A Dixon Police officer is back to work within months after being diagnosed with brain cancer. 

“It’s just something that I want to keep doing,” said Officer P.J. Ginn. “So, that was one of the first things that came to my mind: whether or not I’d be able to do police work.”

The question sat heavy on Ginn’s mind. In February, what seemed like a normal trip to the doctor’s office turned into a day he would never forget.

“I started having migraines and I noticed that I had double vision in my right eye, so I went to get that checked out,” Ginn said. “They referred me to my family doctor and they did an MRI, and that’s how we found that I had a tumor, basically, in the center of my brain.”

After seven long months of surgeries and radiation treatments in his battle against brain cancer, Officer Ginn was cleared to return to duty, to serve the community he was born and raised in.

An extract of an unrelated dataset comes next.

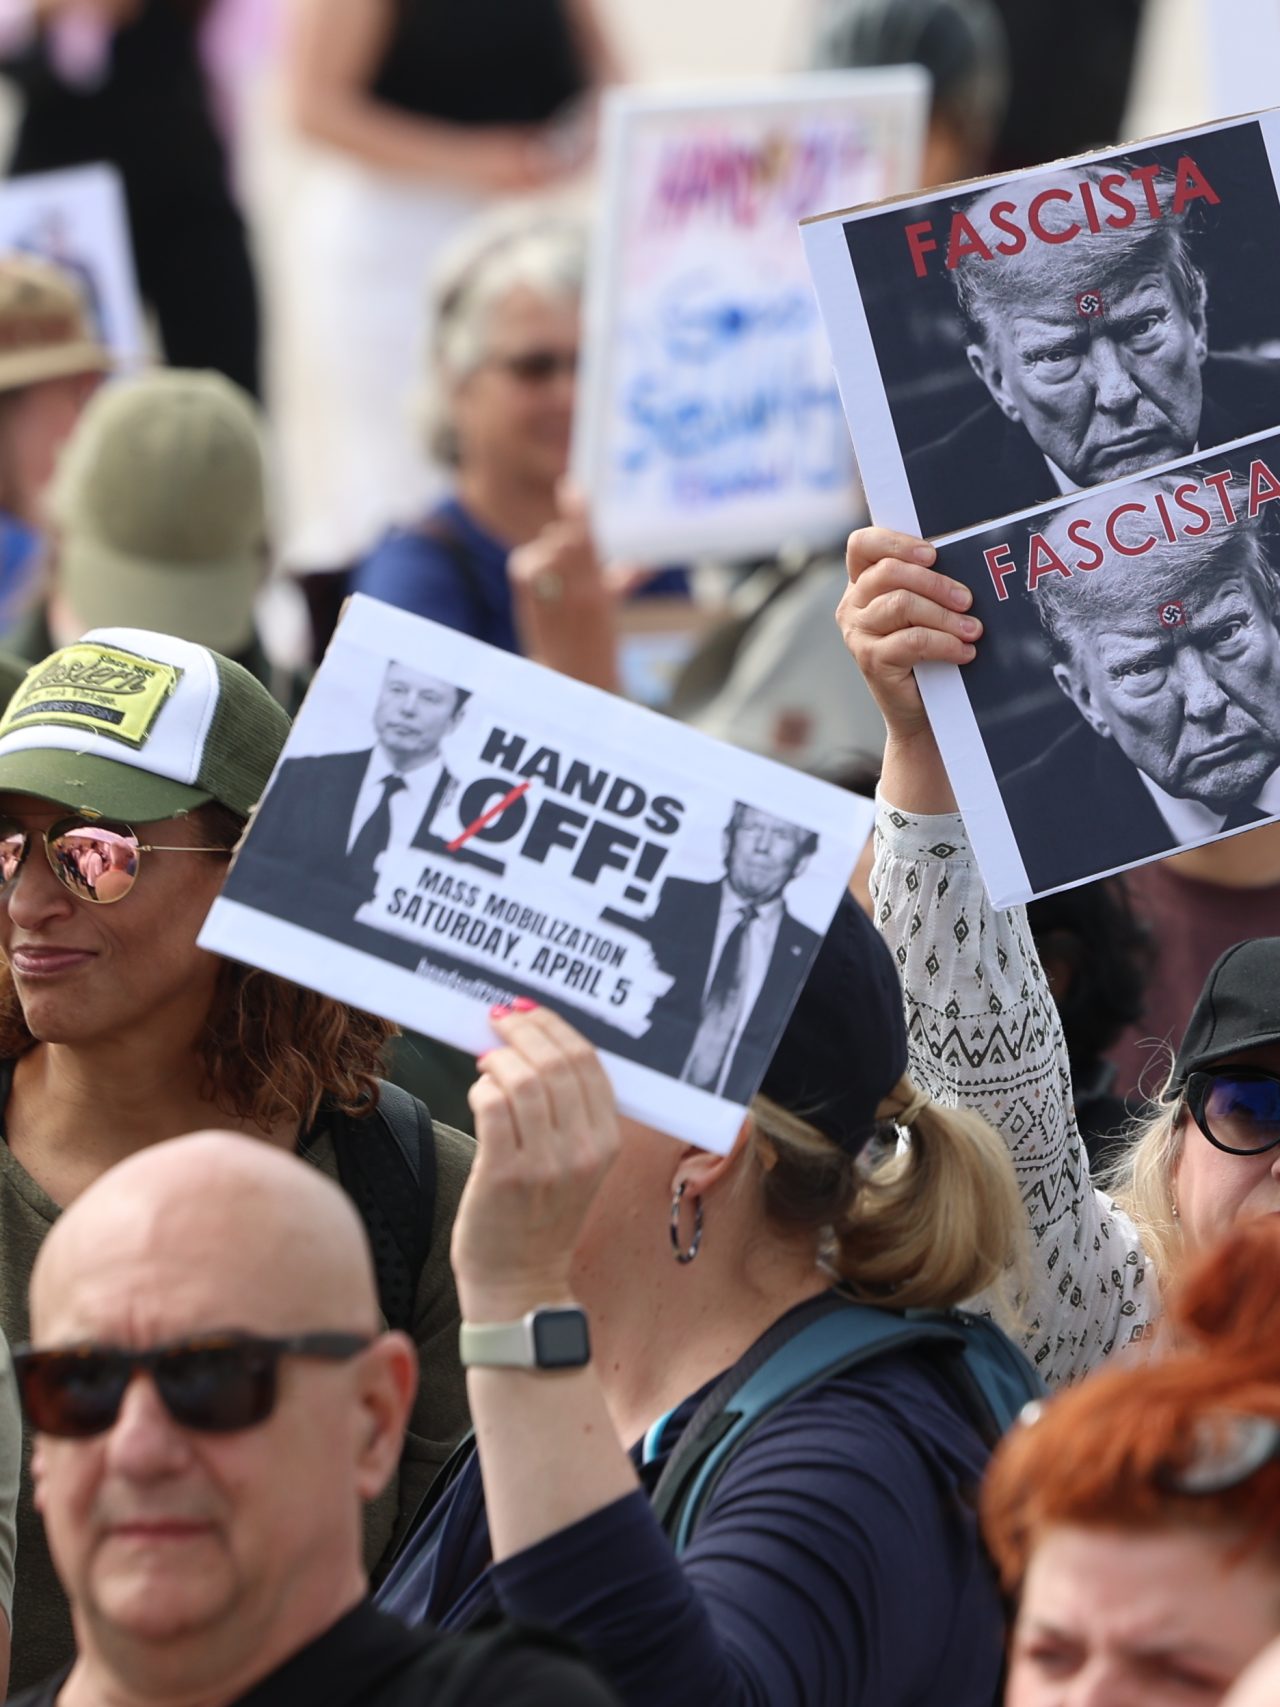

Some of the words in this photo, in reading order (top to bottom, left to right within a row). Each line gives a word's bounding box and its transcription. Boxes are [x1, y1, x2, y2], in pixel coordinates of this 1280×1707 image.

Two weeks ago, he returned to the force. On his first day back, when he was responding to what he thought was a service call, Officer Ginn got a surprise from his department, as well as Dixon High School students.

“I was super surprised, and it was just cool,” he recalled. “That they still show the support, even though I am back to work and feeling better, it was special, definitely.”

That support is what Dixon Police Chief Steve Howell says reflects the trust between Officer Ginn, the rest of the force, and the community.

“It shows you that we have a great relationship with the citizens of this community,” Chief Howell said. “We continue to strive for that, and continue to work on that relationship with them.”

Although Ginn isn’t out of the woods yet, he’s remained positive throughout it all.

“It’s been awesome,” he said. “You know, for a bad diagnosis, it’s really been a super positive experience, just ’cause of all the support from my friends and family and even people I don’t know on a personal level.”

Officer Ginn will learn how the cancer has reacted to treatment in October.